==== Provided records
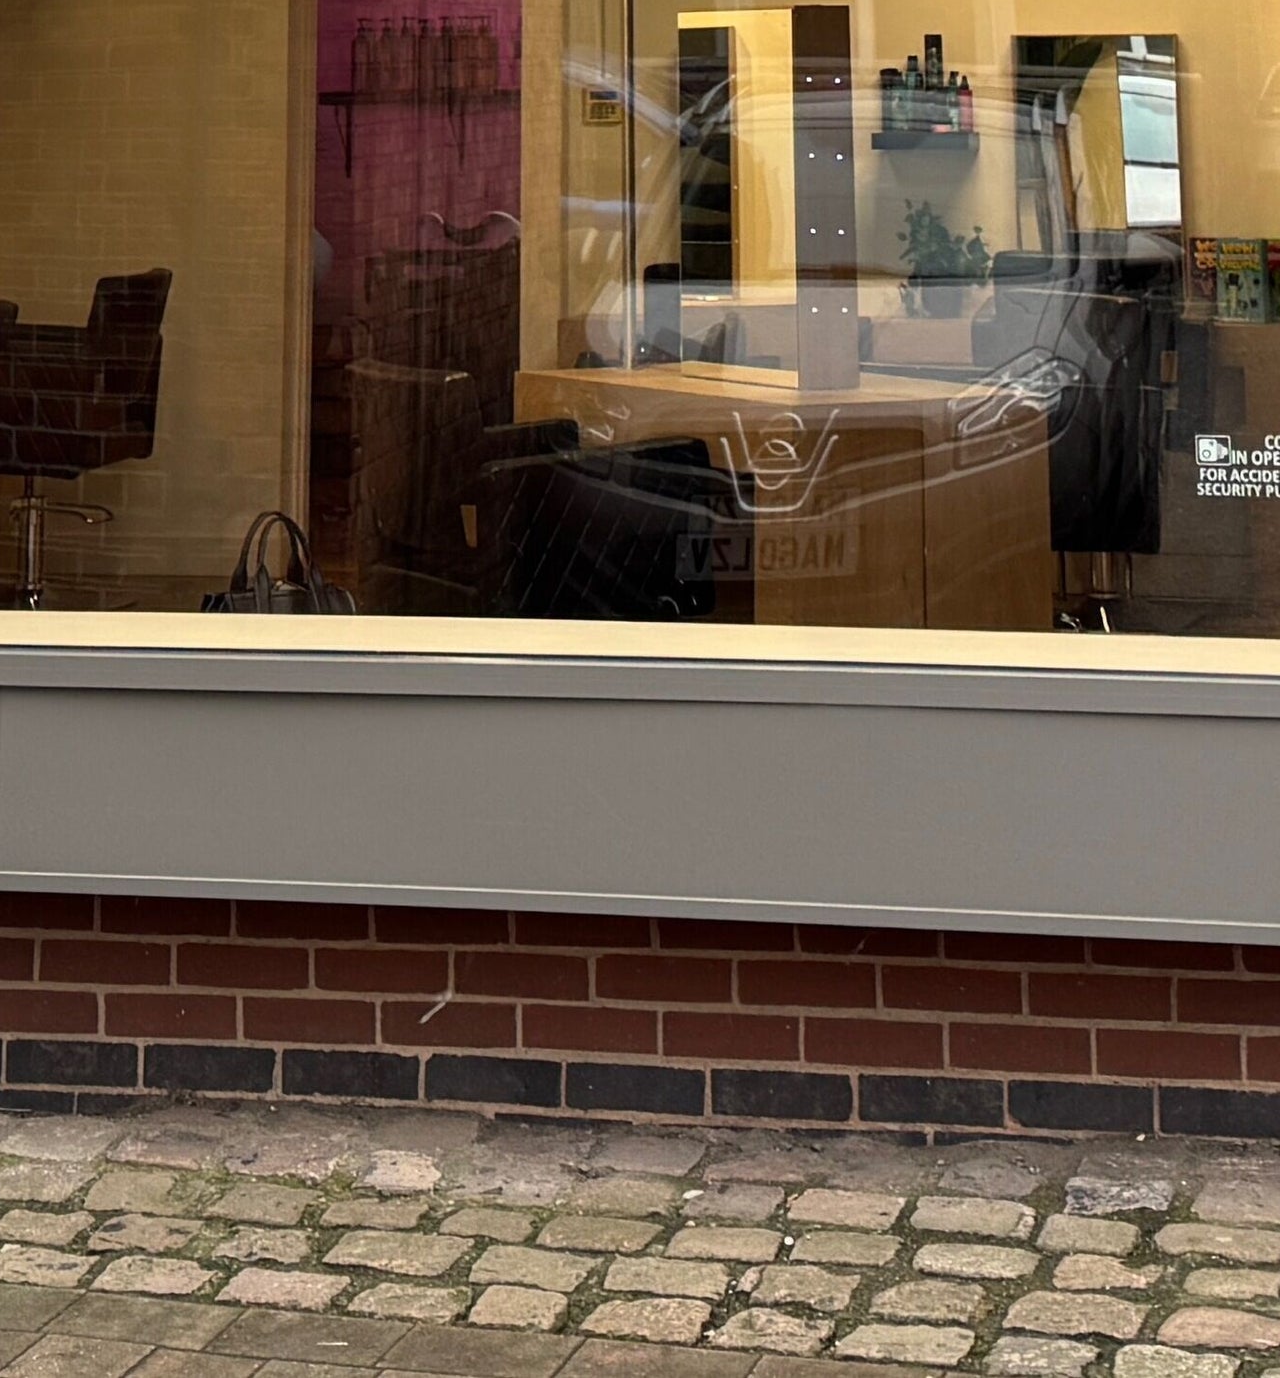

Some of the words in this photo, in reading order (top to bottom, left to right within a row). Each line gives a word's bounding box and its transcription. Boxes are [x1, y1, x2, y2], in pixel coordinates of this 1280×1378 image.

[1232, 450, 1248, 466] IN
[1199, 467, 1228, 482] FOR
[1196, 482, 1263, 498] SECURITY
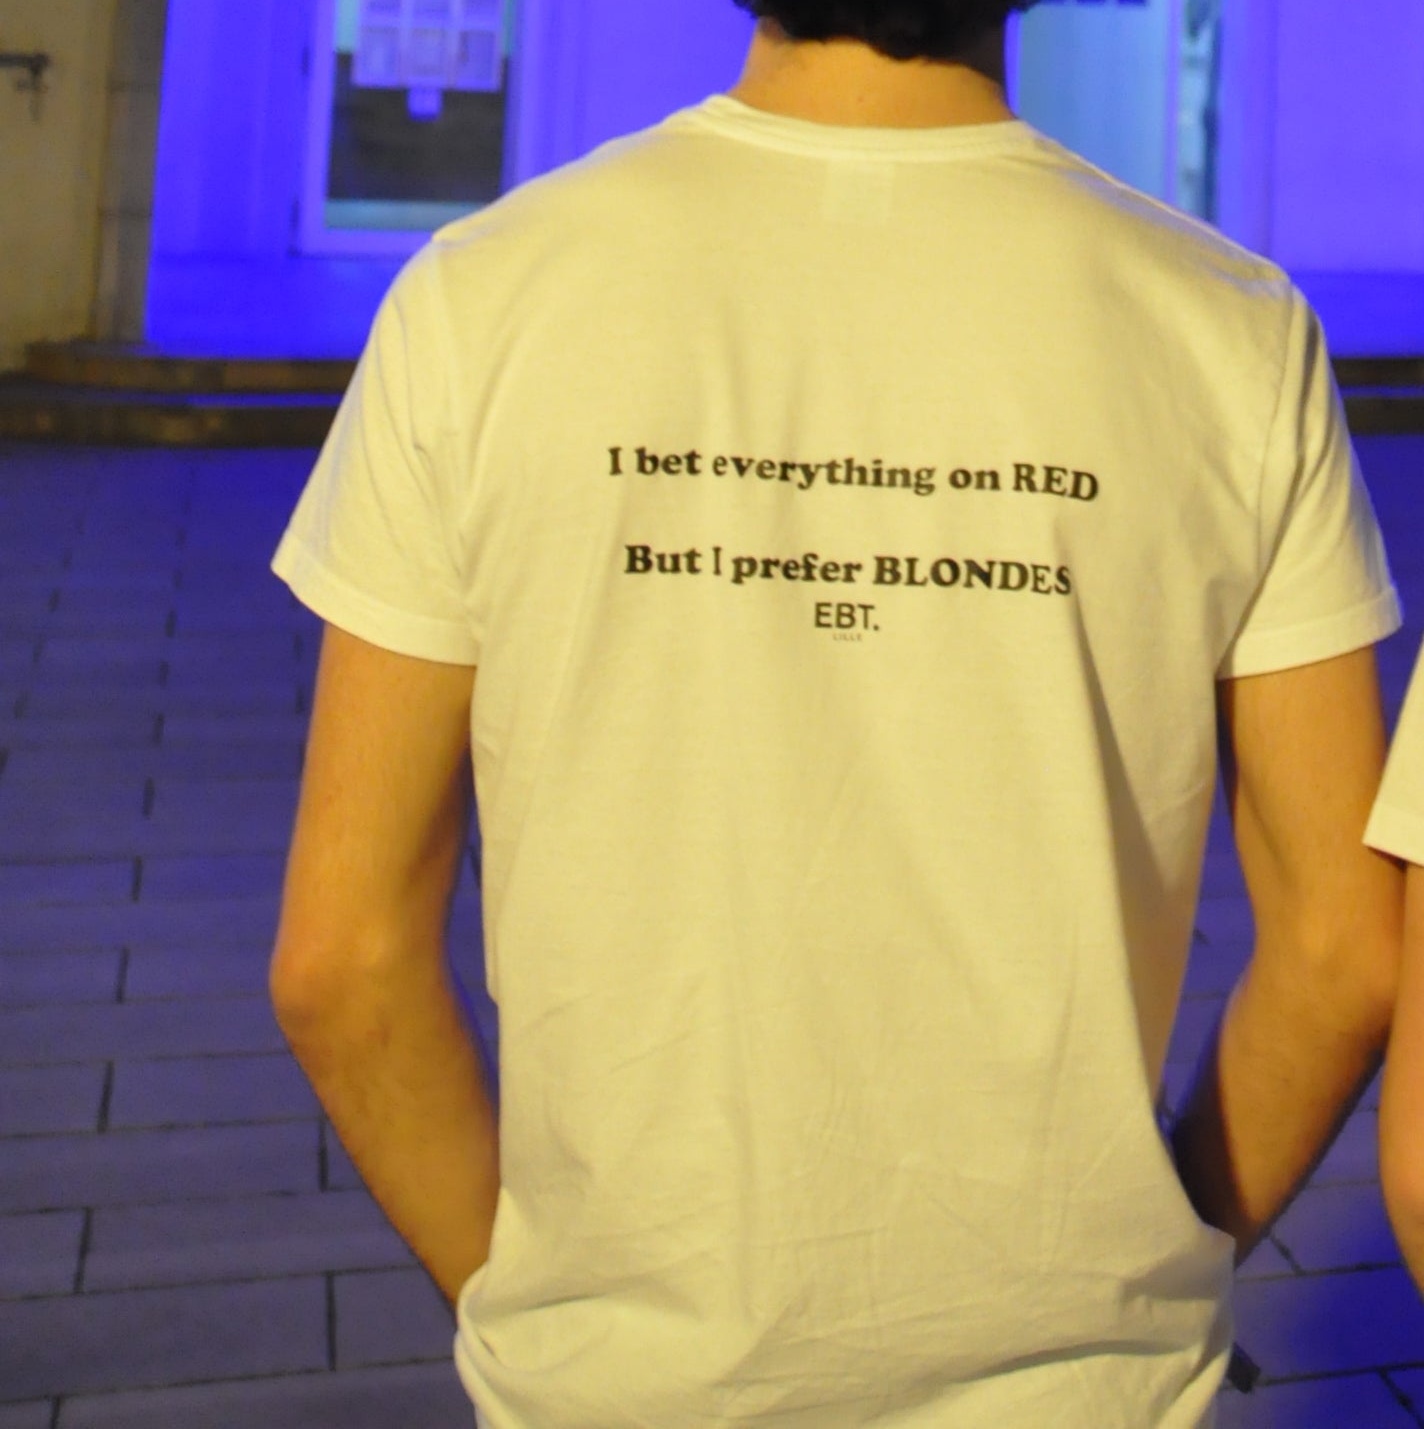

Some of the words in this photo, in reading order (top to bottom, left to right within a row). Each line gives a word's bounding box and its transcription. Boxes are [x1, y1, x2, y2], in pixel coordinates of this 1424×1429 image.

[607, 446, 624, 477] I
[634, 447, 701, 477] bet
[711, 455, 936, 496] everything
[948, 466, 1002, 491] on
[1011, 462, 1100, 502] RED
[624, 543, 702, 575] But
[711, 546, 723, 576] I
[731, 552, 864, 585] prefer
[872, 554, 1072, 596] BLONDES
[813, 602, 881, 631] EBT.
========
- [About this task] Nothing but the lines from the one with "this 1424×1429 image." to the last line of the data should appear in the answer, each exactly as it stands.

- [Output of the exercise]
Some of the words in this photo, in reading order (top to bottom, left to right within a row). Each line gives a word's bounding box and its transcription. Boxes are [x1, y1, x2, y2], in pixel coordinates of this 1424×1429 image.

[607, 446, 624, 477] I
[634, 447, 701, 477] bet
[711, 455, 936, 496] everything
[948, 466, 1002, 491] on
[1011, 462, 1100, 502] RED
[624, 543, 702, 575] But
[711, 546, 723, 576] I
[731, 552, 864, 585] prefer
[872, 554, 1072, 596] BLONDES
[813, 602, 881, 631] EBT.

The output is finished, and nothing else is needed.